这是一个典型的call-graph老鼠的巢。黄色是热点，红色是热点。

这显示了一个多汁的加速机会是多么容易在这些地方：

>

最重要的事情是看十几个随机的原始堆栈样本，并将它们与源代码相关联。
（这意味着绕过分析器的后端。）

ADDED：为了显示我的意思，我从调用图模拟了十个堆栈样本

• 3/10个示例正在调用 class_exists 一个用于获取类名，另一个用于设置本地配置。 class_exists 调用 requireFile 调用 autoload 调用 adminpanel 。


• 2/10个样品正在调用 resolveId ，它调用，它调用 getPageAndRootlineWithDomain ，它调用另外三个级别，终止于 sql_fetch_assoc 。这看起来很难获取ID，它花费了约20％的时间，这不是I / O。



因此，堆栈样本不仅告诉你函数或代码行的包容性时间，它们告诉你为什么要完成它，以及完成它需要什么样的可能性。
我经常看到这个 - 舞动的通用性 - 用锤子拍打苍蝇，而不是故意，但只是遵循良好的模块化设计。

添加：另一件事不要吸into是火焰图。
例如，这里是来自上面调用图的十个模拟堆栈样本的火焰图（向右旋转90度）。这些例程都是编号的，而不是命名的，但每个例程都有自己的颜色。


请注意我们在上面确定的问题， em> class_exists （例程219）在30％的样本上，通过查看火焰图并不明显。
更多的样品和不同的颜色会使图形看起来更火焰般，但不会通过从不同的地方被多次调用而暴露需要很多时间的例程。

这里是按功能而不是按时间排序的相同数据。
这有点帮助，但不会聚合从不同地方调用的相似性：


再次，目标是找到隐藏的问题。
任何人都可以找到简单的东西，但隐藏的问题是那些使所有的区别。

添加：另一种眼睛糖这一个：


其中黑色轮廓的例程都可以是相同的，只是从不同的地方调用。
图表不会为您聚合它们。
如果例程通过从不同地方调用大量次数而具有高包容率，则不会被暴露。

I'm trying to do some performance profiling on a poorly supported prototype embedded platform.

I note that GCC's -pg flag causes thunks to __gnu_mcount_nc to be inserted on entry to every function.

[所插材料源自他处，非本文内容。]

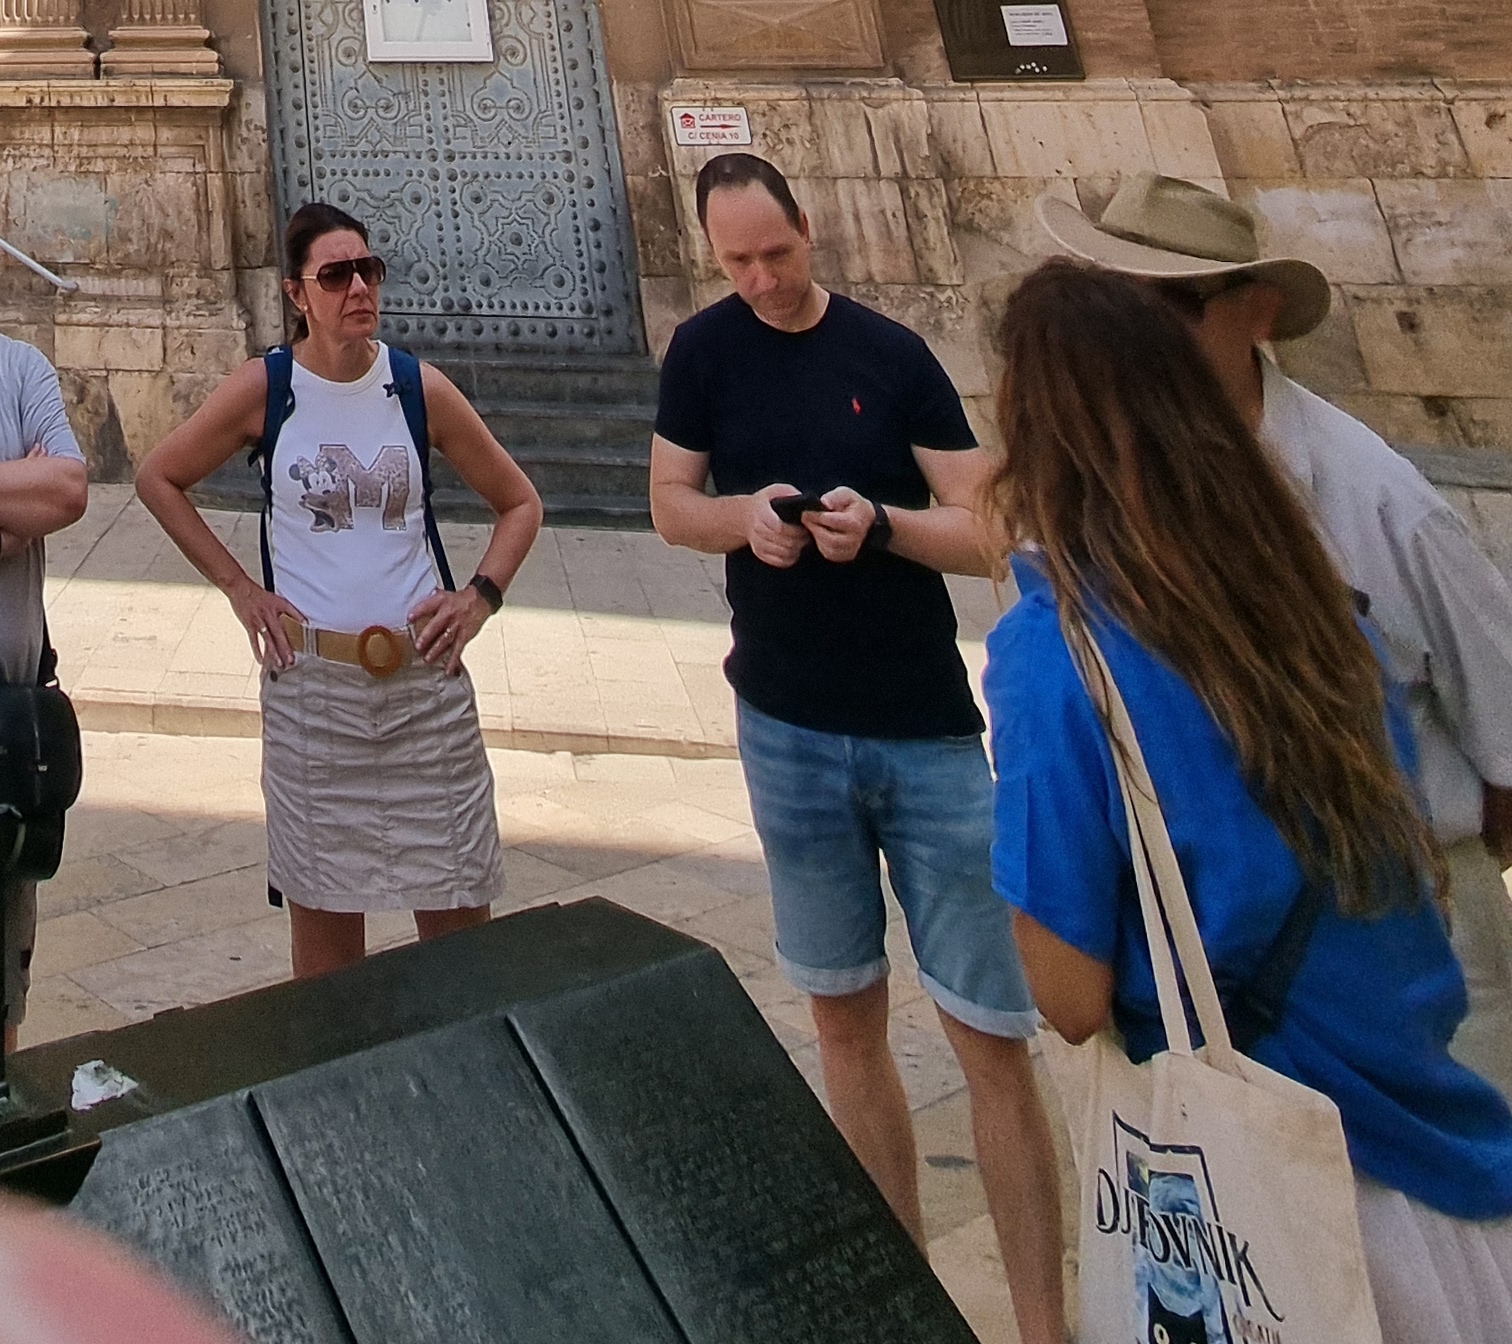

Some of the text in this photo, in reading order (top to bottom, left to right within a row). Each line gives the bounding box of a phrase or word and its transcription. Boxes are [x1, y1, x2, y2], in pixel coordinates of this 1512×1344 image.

[698, 113, 742, 122] CARTERO
[699, 132, 727, 140] CENIA
[729, 132, 740, 140] 10

No implementation of __gnu_mcount_nc is available (and the vendor is not interested in assisting), however as it is trivial to write one that simply records the stack frame and current cycle count, I have done so; this works fine and is yielding useful results in terms of caller/callee graphs and most frequently called functions.

I would really like to obtain information about the time spent in function bodies as well, however I am having difficulty understanding how to approach this with only the entry, but not the exit, to each function getting hooked: you can tell exactly when each function is entered, but without hooking the exit points you cannot know how much of the time until you receive the next piece of information to attribute to callee and how much to the callers.

Nevertheless, the GNU profiling tools are in fact demonstrably able to gather runtime information for functions on many platforms, so presumably the developers have some scheme in mind for achieving this.

I have seen some existing implementations that do things like maintain a shadow callstack and twiddle the return address on entry to __gnu_mcount_nc so that __gnu_mcount_nc will get invoked again when the callee returns; it can then match the caller/callee/sp triplet against the top of the shadow callstack and so distinguish this case from the call on entry, record the exit time and correctly return to the caller.

This approach leaves much to be desired:

• it seems like it may be brittle in the presence of recursion and libraries compiled without the -pg flag
• it seems like it would be difficult to implement with low overhead or at all in embedded multithreaded/multicore environments where toolchain TLS support is absent and current thread ID may be expensive/complex to obtain

Is there some obvious better way to implement a __gnu_mcount_nc so that a -pg build is able to capture function exit as well as entry time that I am missing?

解决方案

gprof does not use that function for timing, of entry or exit, but for call-counting of function A calling any function B. Rather, it uses the self-time gathered by counting PC samples in each routine, and then uses the function-to-function call counts to estimate how much of that self-time should be charged back to callers.

For example, if A calls C 10 times, and B calls C 20 times, and C has 1000ms of self time (i.e 100 PC samples), then gprof knows C has been called 30 times, and 33 of the samples can be charged to A, while the other 67 can be charged to B. Similarly, sample counts propagate up the call hierarchy.

So you see, it doesn't time function entry and exit. The measurements it does get are very coarse, because it makes no distinction between short calls and long calls. Also, if a PC sample happens during I/O or in a library routine that is not compiled with -pg, it is not counted at all. And, as you noted, it is very brittle in the presence of recursion, and can introduce notable overhead on short functions.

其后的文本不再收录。